Jazz is an American invention of the 20th Century. It’s sound is the “modern art” of music. In his 80 year life span, William “Count” Basie so expanded and elevated the art form that his legacy is regarded as an “American Institution” by modern music’s connoisseurs around the world.
Yet the affable “count” was a very modest gentleman. His motions and musical conversations at the piano closely paralleled his approach to life itself. So one might predict he’d be elated to know that the orchestral institution he founded in 1936 is still thriving today.
William Basie, a New Jersey native from Red Bank, grew up with the tempos of The Swing Era in New
York City...live big bands were filling ballrooms with dance rhythms. But toward the close of the
Roaring 20’s, it was Kansas City that was drawing notice for Jazz, this new wave of “wide-open” musical style! Young pianist “Bill Basie” landed there while working the national vaudeville circuit and briefly joined Walter Paige’s Blue Devils, then stayed on with The Benny Moten Orchestra.

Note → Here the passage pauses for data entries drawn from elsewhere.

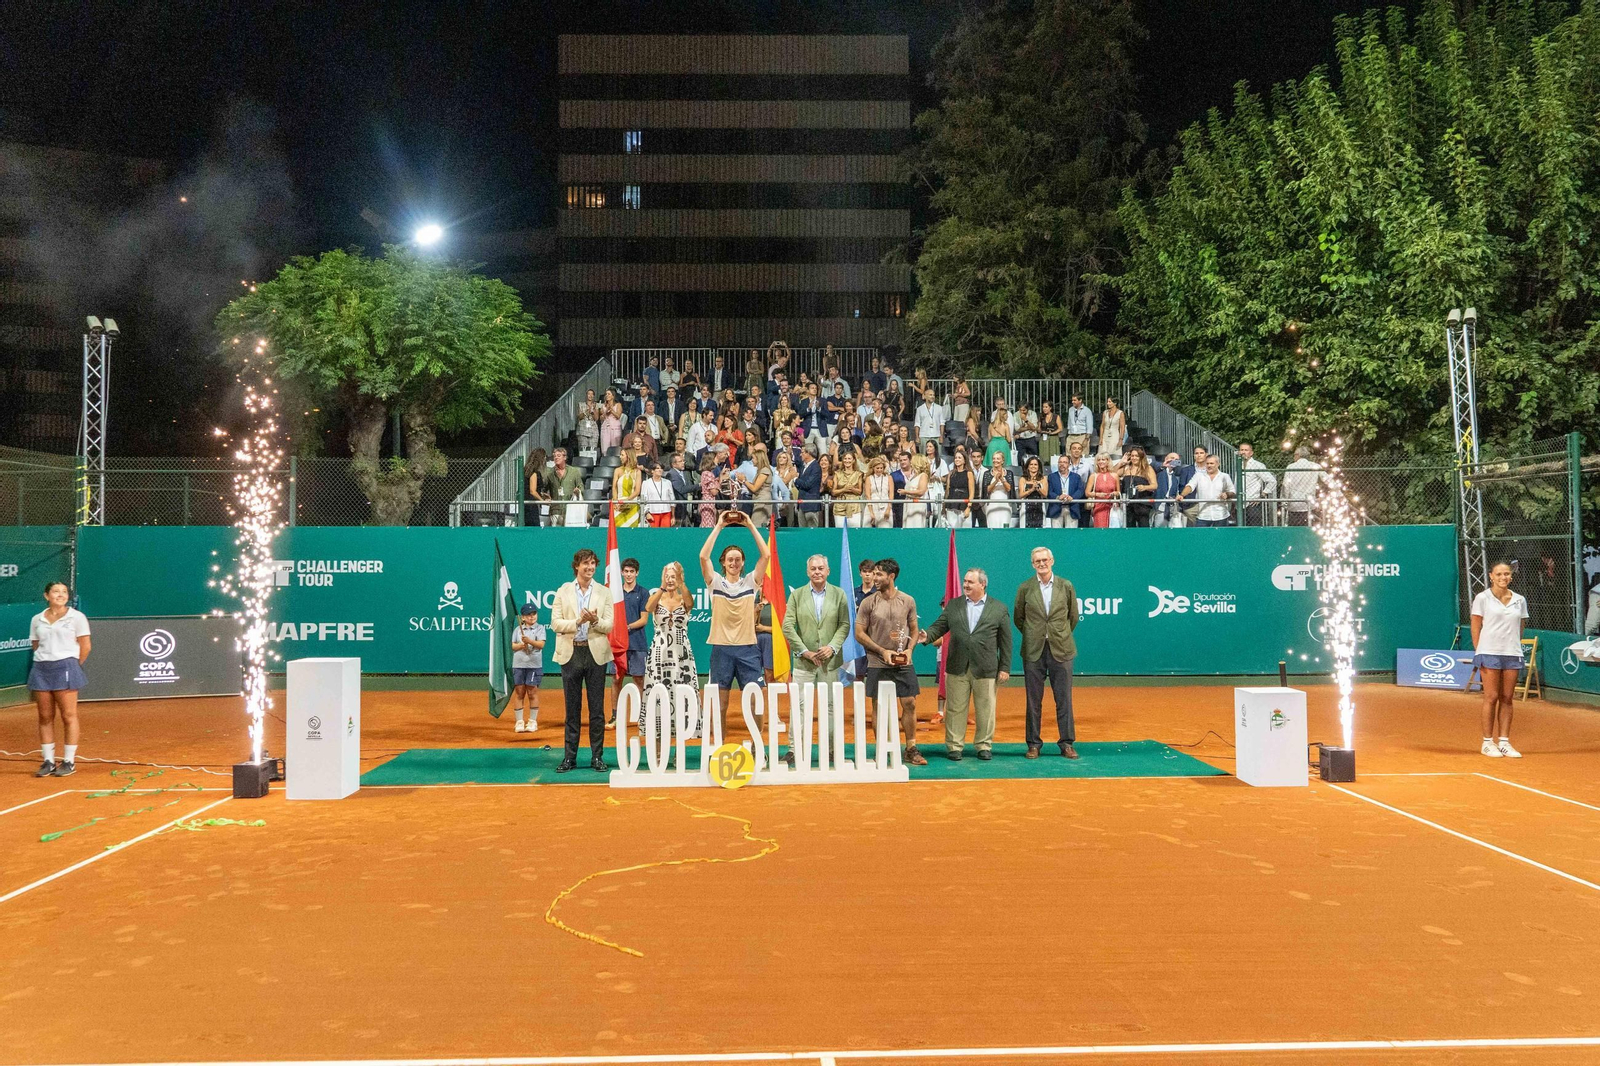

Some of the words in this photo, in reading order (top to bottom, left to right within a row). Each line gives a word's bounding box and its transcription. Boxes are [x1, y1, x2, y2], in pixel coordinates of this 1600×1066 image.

[297, 560, 384, 573] CHALLENGER
[297, 573, 334, 587] TOUR
[1193, 593, 1236, 602] Diputación
[1193, 602, 1236, 613] Sevilla
[409, 616, 491, 631] SCALPERS
[139, 661, 175, 671] COPA
[1420, 672, 1455, 680] COPA
[616, 682, 723, 774] COPA
[741, 680, 902, 773] SEVILLA
[718, 750, 747, 781] 62

Jazz experts maintain that Basie at the keyboard signaled the beginning of the Moten band’s historical significance, starting with discs cut in 1932. With Benny Moten’s sudden death 3 years later, Basie went from pianist to bandleader. He took the name “The Count” when his new group headlined at
Kansas City’s Reno Club in 1936. They worked long hours every night and the pay was low, but The
Count Basie Orchestra had arrived!
His sixth sense quickly assessed each sideman’s potential as an ingredient for the distinctive sound of his group. The Count’s manner earned the resect of his peers, the affection of his players, and contributed to the rapid success of the new group.
With a keyboard touch or two, sound was set into motion. Always swinging, his piano spots became the band’s claim to fame. A simple “Plink, Plink, Plink” closing triplet was all the “signature” his music needed. Despite half a century of changing tastes in popular music, the endurance of The Count Basie
Orchestra confirms the genius of his earliest musical instincts.

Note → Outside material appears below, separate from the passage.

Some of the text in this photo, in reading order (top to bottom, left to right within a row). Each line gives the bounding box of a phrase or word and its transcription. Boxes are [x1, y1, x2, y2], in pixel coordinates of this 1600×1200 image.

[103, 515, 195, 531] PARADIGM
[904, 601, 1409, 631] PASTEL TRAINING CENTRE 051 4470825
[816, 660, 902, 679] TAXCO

Kansas City’s Reno Club was the setting for live radio broadcast of THE COUNT BASIE ORCHESTRA within months of its 1935 debut. Jazz critic JOHN HAMMOND heard these programs and was so impressed that he prevailed up Music Corporation of America to sign them, thus bringing BASIE back to Manhattan in 1936.
A recording contract with Decca came next...and as the decade closed, a combination of radio airtime and records had popularized the band from coast to coast. They played the 1939 World’s Fair in San
Francisco. They were in demand across the land. They would usher in the 1940’s attracting wonderful soloists and bigger crowds.
Post-war film appearances and recordings on the new ‘hi-fi LP discs” with ELLA FITZGERALD, SARAH
VAUGHN, JOE WILLIAMS, TONY BENNETT & FRANK SINATRA exported the swinging ‘Basie Sound’ to
Europe and the Far East. The demand for records and live appearances became international.
By the 1950’s the Korean War and an economic lull sent the call for “Big Bands” into a decline.
However, while other bands were downsizing and vanishing...THE COUNT BASIE ORCHESTRA triumphed with European concert tours a Command Performance for the Queen of England, and a sold-out 13-week Waldorf-Astoria engagement.
By the 1960’s, pundits declared the big band officially dead! All except the COUNT BASIE ORCHESTRA!
More European and Southeast Asian tours, regular television & Las Vegas appearances, and crowded schedules of playing dates across North America set a pace that continues unabated.
THE COUNT BASIE ORCHESTRA of TODAY is nineteen performers committed to upholding and advancing this “American Institution.” Some members are new, yet the majority of the sound still swings from musicians handpicked by Count Basie himself. They are in demand for television and films, have won every respected jazz poll in the world at least once, and continue to accumulate awards and special recognitions.